** Opening SUPPLIED MATERIAL block **

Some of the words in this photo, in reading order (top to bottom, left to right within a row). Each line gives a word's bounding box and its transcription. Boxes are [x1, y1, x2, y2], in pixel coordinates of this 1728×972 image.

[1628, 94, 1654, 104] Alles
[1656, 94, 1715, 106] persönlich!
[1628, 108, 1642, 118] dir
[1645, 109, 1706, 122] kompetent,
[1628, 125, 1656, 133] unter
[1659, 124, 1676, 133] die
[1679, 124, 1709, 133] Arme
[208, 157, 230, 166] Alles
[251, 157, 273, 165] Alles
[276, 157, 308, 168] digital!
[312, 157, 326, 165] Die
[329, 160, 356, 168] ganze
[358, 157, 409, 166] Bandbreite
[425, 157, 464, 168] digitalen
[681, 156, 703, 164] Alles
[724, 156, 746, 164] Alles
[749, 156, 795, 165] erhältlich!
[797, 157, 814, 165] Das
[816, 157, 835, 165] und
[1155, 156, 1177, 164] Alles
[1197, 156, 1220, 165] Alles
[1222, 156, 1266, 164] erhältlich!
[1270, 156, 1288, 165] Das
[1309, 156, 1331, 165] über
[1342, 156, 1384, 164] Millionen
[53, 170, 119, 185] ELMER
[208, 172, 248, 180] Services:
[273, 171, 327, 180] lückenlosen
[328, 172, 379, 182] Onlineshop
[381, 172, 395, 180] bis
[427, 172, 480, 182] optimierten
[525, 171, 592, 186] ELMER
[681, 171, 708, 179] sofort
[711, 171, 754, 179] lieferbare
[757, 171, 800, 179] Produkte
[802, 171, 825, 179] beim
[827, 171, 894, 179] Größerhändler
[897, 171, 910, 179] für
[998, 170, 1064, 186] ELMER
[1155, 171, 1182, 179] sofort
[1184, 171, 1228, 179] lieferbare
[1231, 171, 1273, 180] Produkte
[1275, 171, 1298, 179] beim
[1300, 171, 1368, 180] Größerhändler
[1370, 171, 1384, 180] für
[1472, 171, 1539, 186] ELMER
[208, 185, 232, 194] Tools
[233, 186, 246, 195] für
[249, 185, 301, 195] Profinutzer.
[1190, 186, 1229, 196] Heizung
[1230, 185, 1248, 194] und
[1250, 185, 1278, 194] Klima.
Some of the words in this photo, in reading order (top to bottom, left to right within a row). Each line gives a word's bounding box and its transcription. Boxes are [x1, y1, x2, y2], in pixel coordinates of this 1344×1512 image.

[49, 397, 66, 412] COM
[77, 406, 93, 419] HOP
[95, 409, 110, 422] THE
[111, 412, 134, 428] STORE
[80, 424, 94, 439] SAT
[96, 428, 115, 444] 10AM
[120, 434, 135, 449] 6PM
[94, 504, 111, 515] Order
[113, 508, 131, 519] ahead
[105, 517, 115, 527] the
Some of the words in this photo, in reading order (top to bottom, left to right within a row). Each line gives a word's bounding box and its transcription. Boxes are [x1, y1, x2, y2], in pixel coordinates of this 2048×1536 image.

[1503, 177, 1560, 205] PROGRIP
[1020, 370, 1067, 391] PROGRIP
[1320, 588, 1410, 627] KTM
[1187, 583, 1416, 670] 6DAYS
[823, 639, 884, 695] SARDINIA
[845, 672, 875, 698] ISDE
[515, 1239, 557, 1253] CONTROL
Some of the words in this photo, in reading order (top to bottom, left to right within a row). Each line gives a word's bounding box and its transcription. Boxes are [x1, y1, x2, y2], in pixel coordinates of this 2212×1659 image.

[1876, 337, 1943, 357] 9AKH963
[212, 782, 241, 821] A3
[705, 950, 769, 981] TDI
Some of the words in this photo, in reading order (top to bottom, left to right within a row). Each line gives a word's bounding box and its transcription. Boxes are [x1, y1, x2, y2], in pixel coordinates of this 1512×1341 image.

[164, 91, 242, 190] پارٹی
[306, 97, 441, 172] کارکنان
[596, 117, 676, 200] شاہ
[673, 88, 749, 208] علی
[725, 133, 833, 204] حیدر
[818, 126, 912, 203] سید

** Closing SUPPLIED MATERIAL block **

### TASK REQUIREMENTS
What you write must match the material above exactly and in full.

### SOLUTION TO THE EXERCISE
Some of the words in this photo, in reading order (top to bottom, left to right within a row). Each line gives a word's bounding box and its transcription. Boxes are [x1, y1, x2, y2], in pixel coordinates of this 1728×972 image.

[1628, 94, 1654, 104] Alles
[1656, 94, 1715, 106] persönlich!
[1628, 108, 1642, 118] dir
[1645, 109, 1706, 122] kompetent,
[1628, 125, 1656, 133] unter
[1659, 124, 1676, 133] die
[1679, 124, 1709, 133] Arme
[208, 157, 230, 166] Alles
[251, 157, 273, 165] Alles
[276, 157, 308, 168] digital!
[312, 157, 326, 165] Die
[329, 160, 356, 168] ganze
[358, 157, 409, 166] Bandbreite
[425, 157, 464, 168] digitalen
[681, 156, 703, 164] Alles
[724, 156, 746, 164] Alles
[749, 156, 795, 165] erhältlich!
[797, 157, 814, 165] Das
[816, 157, 835, 165] und
[1155, 156, 1177, 164] Alles
[1197, 156, 1220, 165] Alles
[1222, 156, 1266, 164] erhältlich!
[1270, 156, 1288, 165] Das
[1309, 156, 1331, 165] über
[1342, 156, 1384, 164] Millionen
[53, 170, 119, 185] ELMER
[208, 172, 248, 180] Services:
[273, 171, 327, 180] lückenlosen
[328, 172, 379, 182] Onlineshop
[381, 172, 395, 180] bis
[427, 172, 480, 182] optimierten
[525, 171, 592, 186] ELMER
[681, 171, 708, 179] sofort
[711, 171, 754, 179] lieferbare
[757, 171, 800, 179] Produkte
[802, 171, 825, 179] beim
[827, 171, 894, 179] Größerhändler
[897, 171, 910, 179] für
[998, 170, 1064, 186] ELMER
[1155, 171, 1182, 179] sofort
[1184, 171, 1228, 179] lieferbare
[1231, 171, 1273, 180] Produkte
[1275, 171, 1298, 179] beim
[1300, 171, 1368, 180] Größerhändler
[1370, 171, 1384, 180] für
[1472, 171, 1539, 186] ELMER
[208, 185, 232, 194] Tools
[233, 186, 246, 195] für
[249, 185, 301, 195] Profinutzer.
[1190, 186, 1229, 196] Heizung
[1230, 185, 1248, 194] und
[1250, 185, 1278, 194] Klima.
Some of the words in this photo, in reading order (top to bottom, left to right within a row). Each line gives a word's bounding box and its transcription. Boxes are [x1, y1, x2, y2], in pixel coordinates of this 1344×1512 image.

[49, 397, 66, 412] COM
[77, 406, 93, 419] HOP
[95, 409, 110, 422] THE
[111, 412, 134, 428] STORE
[80, 424, 94, 439] SAT
[96, 428, 115, 444] 10AM
[120, 434, 135, 449] 6PM
[94, 504, 111, 515] Order
[113, 508, 131, 519] ahead
[105, 517, 115, 527] the
Some of the words in this photo, in reading order (top to bottom, left to right within a row). Each line gives a word's bounding box and its transcription. Boxes are [x1, y1, x2, y2], in pixel coordinates of this 2048×1536 image.

[1503, 177, 1560, 205] PROGRIP
[1020, 370, 1067, 391] PROGRIP
[1320, 588, 1410, 627] KTM
[1187, 583, 1416, 670] 6DAYS
[823, 639, 884, 695] SARDINIA
[845, 672, 875, 698] ISDE
[515, 1239, 557, 1253] CONTROL
Some of the words in this photo, in reading order (top to bottom, left to right within a row). Each line gives a word's bounding box and its transcription. Boxes are [x1, y1, x2, y2], in pixel coordinates of this 2212×1659 image.

[1876, 337, 1943, 357] 9AKH963
[212, 782, 241, 821] A3
[705, 950, 769, 981] TDI
Some of the words in this photo, in reading order (top to bottom, left to right within a row). Each line gives a word's bounding box and its transcription. Boxes are [x1, y1, x2, y2], in pixel coordinates of this 1512×1341 image.

[164, 91, 242, 190] پارٹی
[306, 97, 441, 172] کارکنان
[596, 117, 676, 200] شاہ
[673, 88, 749, 208] علی
[725, 133, 833, 204] حیدر
[818, 126, 912, 203] سید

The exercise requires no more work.